Gabriel Over The White House’s fictional president awakes from a coma and saves the world
Every day, Watch This offers staff recommendations inspired by a new movie coming out that week. This week: Hyde Park On The Hudson has us thinking of movies about presidential figures.
Gabriel Over The White House (1933)
Released the same year that Franklin Delano Roosevelt took office, Gregory La Cava’s Gabriel Over The White House—based on a novel by T.F. Tweed and co-produced by William Randolph Hearst—has baffled viewers ever since with its curious mix of left-wing piety and right-wing law-and-order rhetoric. Walter Huston stars as newly elected president Judson Hammond, a corrupt slacker and product of Warren G. Harding-style cronyism. Then President Hammond gets into a car accident and wakes up from a coma with a fervor to make a real difference. He becomes a champion of the working man, redirecting the angry unemployed toward rebuilding the country on the government’s nickel. Hammond becomes an enemy to crooked men of all stripes, having them removed from positions of power, and in some cases, tried and executed by makeshift military tribunals. Meanwhile, on the global stage the president uses the United States’ military might to persuade the nations of the world to pay off their war debts and sign disarmament agreements. Hammond accomplishes all this by declaring a state of national emergency that allows him to bypass Congress and the courts; and then he dies, having saved the world.
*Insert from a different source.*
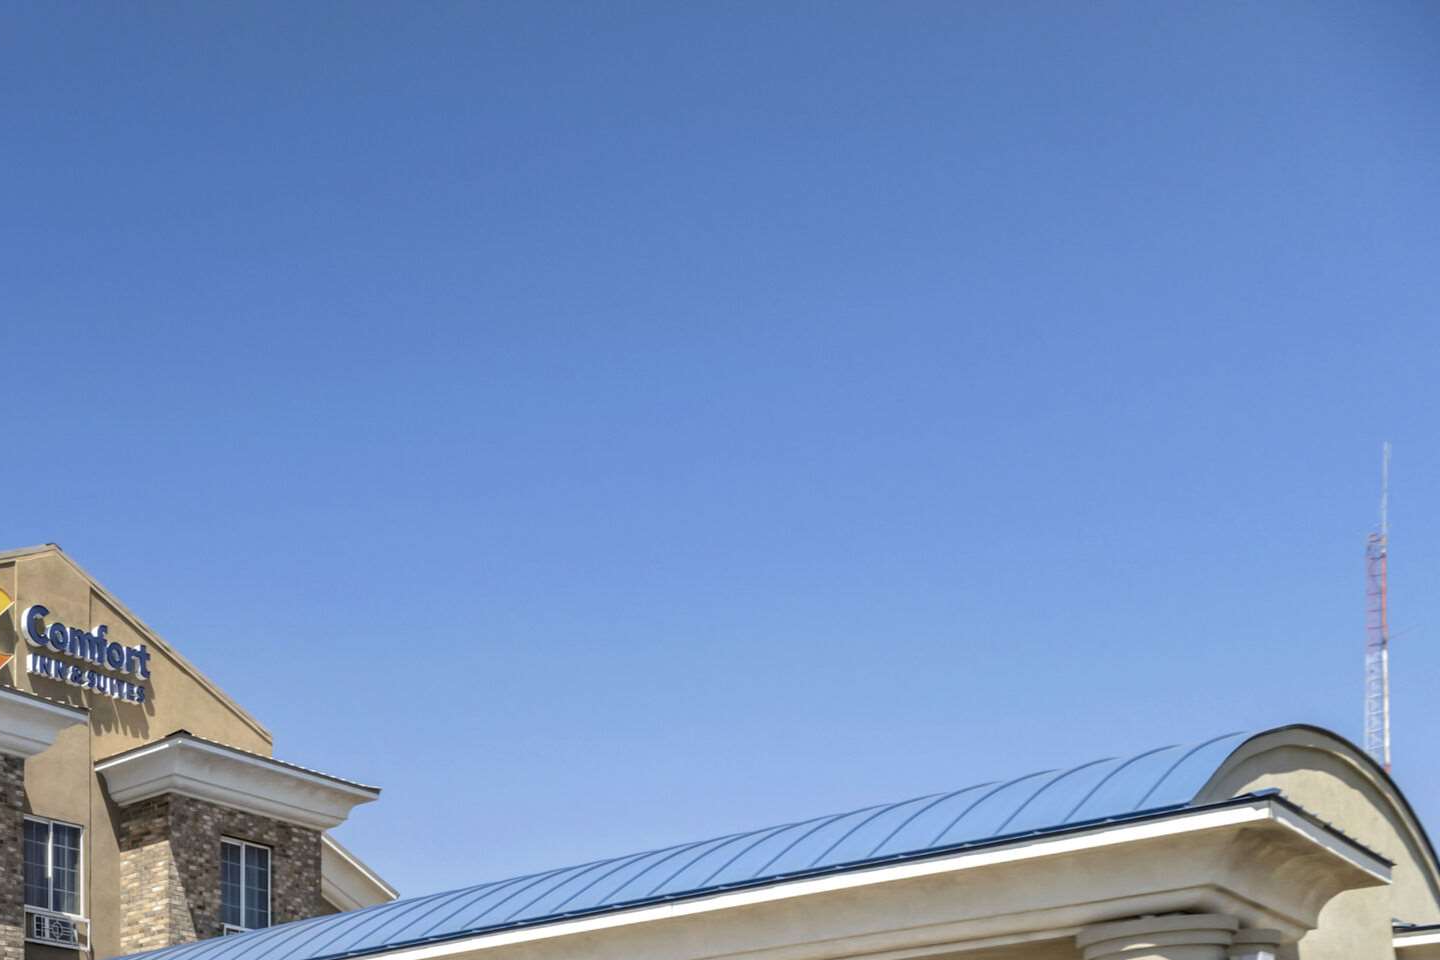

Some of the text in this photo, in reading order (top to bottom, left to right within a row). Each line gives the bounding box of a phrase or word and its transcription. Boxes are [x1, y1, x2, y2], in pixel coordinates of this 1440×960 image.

[21, 604, 151, 680] Comfort
[26, 653, 146, 705] INN & SUITES
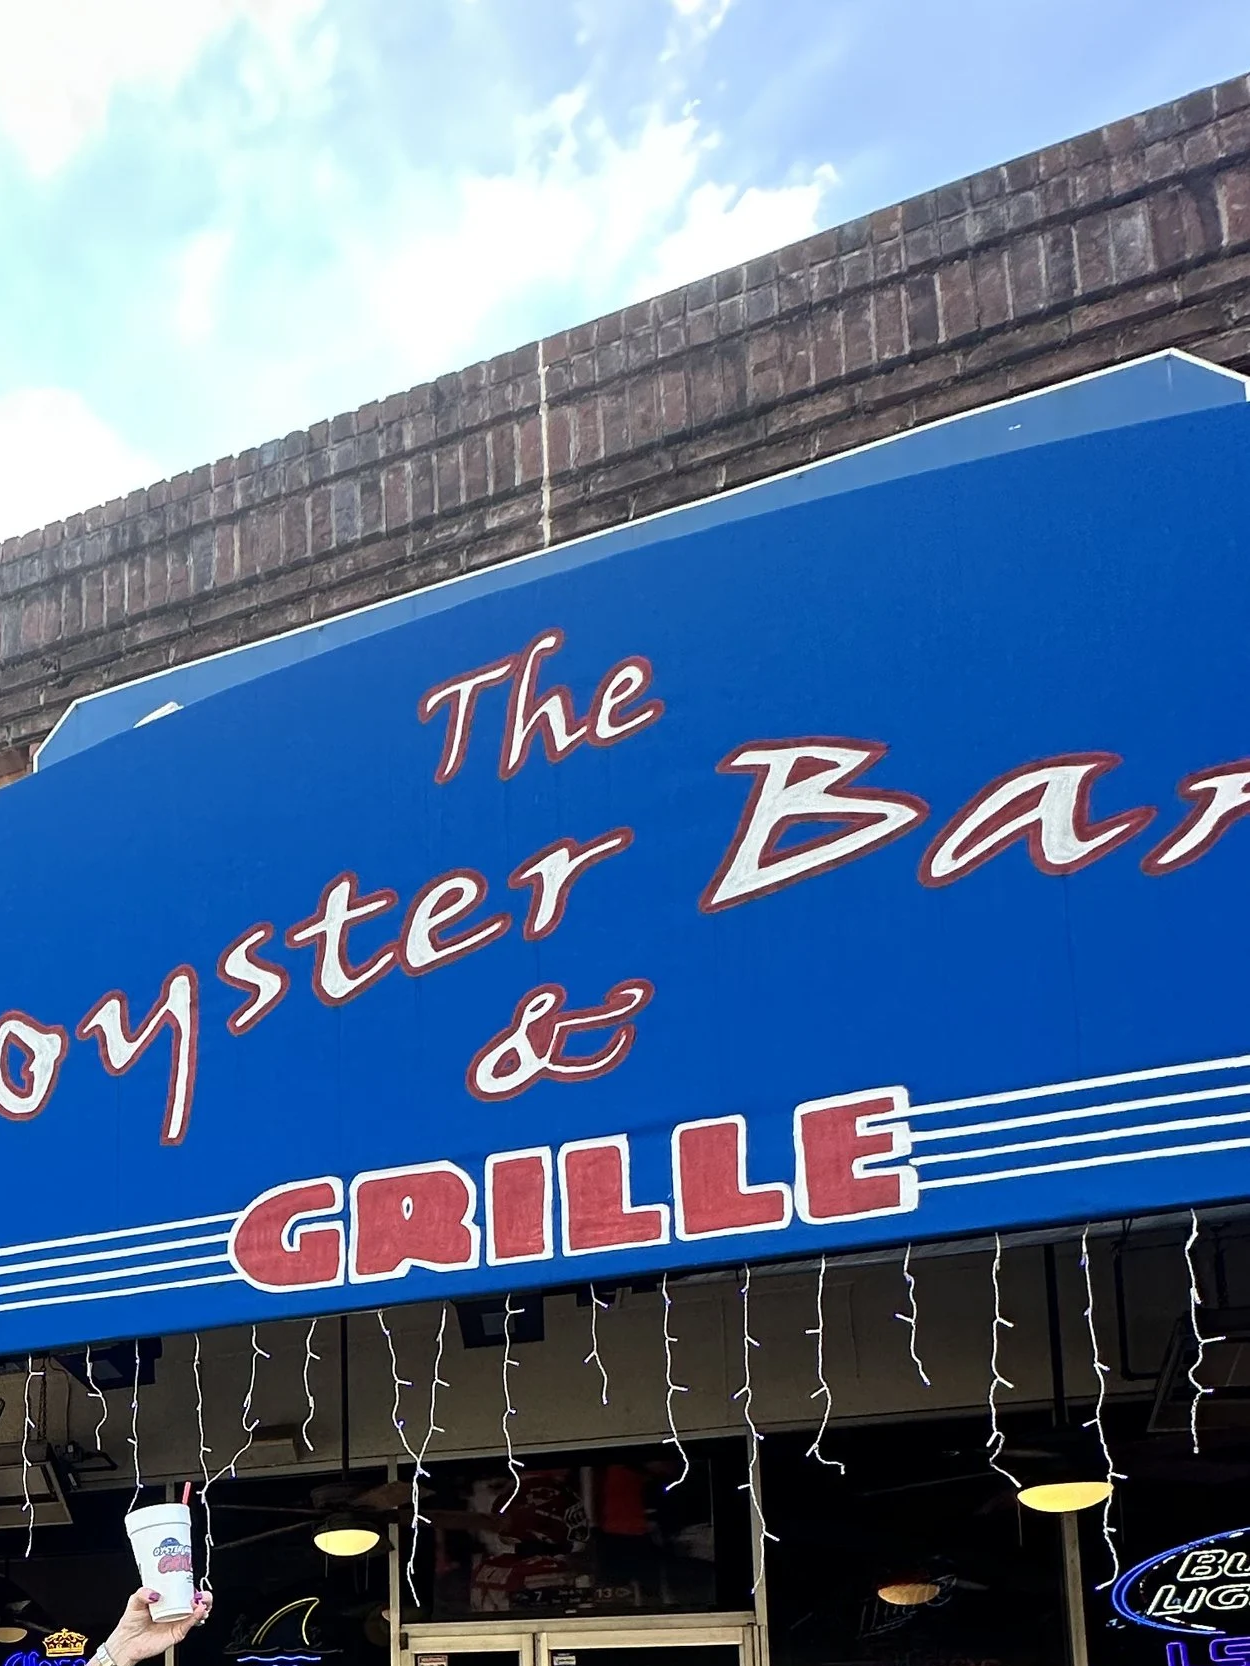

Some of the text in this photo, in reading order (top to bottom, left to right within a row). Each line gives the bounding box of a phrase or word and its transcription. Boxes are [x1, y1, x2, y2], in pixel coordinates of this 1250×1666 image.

A real you-have-to-see-it-to-believe-it movie, Gabriel Over The White House seems like it should be a cautionary tale, warning American moviegoers of what’ll happen if they’re not more diligent about the leaders they elect. But that’s not what Hearst had in mind at all; rather, he wanted this movie to show how great America could be if, to quote one of Hammond’s lackeys, we could “cut through the red tape of legal procedures and get back to first principles.” Throughout the film, the story keeps seeming like it’s about to take a turn that never comes, to show how Hammond’s un-democratic defense of our democracy is misguided. But civic-minded modern moviegoers could still get a lot out of Gabriel Over The White House, if only in debating exactly when Hammond’s utopian vision goes one step too far. —Noel Murray
Availability: Gabriel Over The White House is available on MOD DVD from Warner Archive.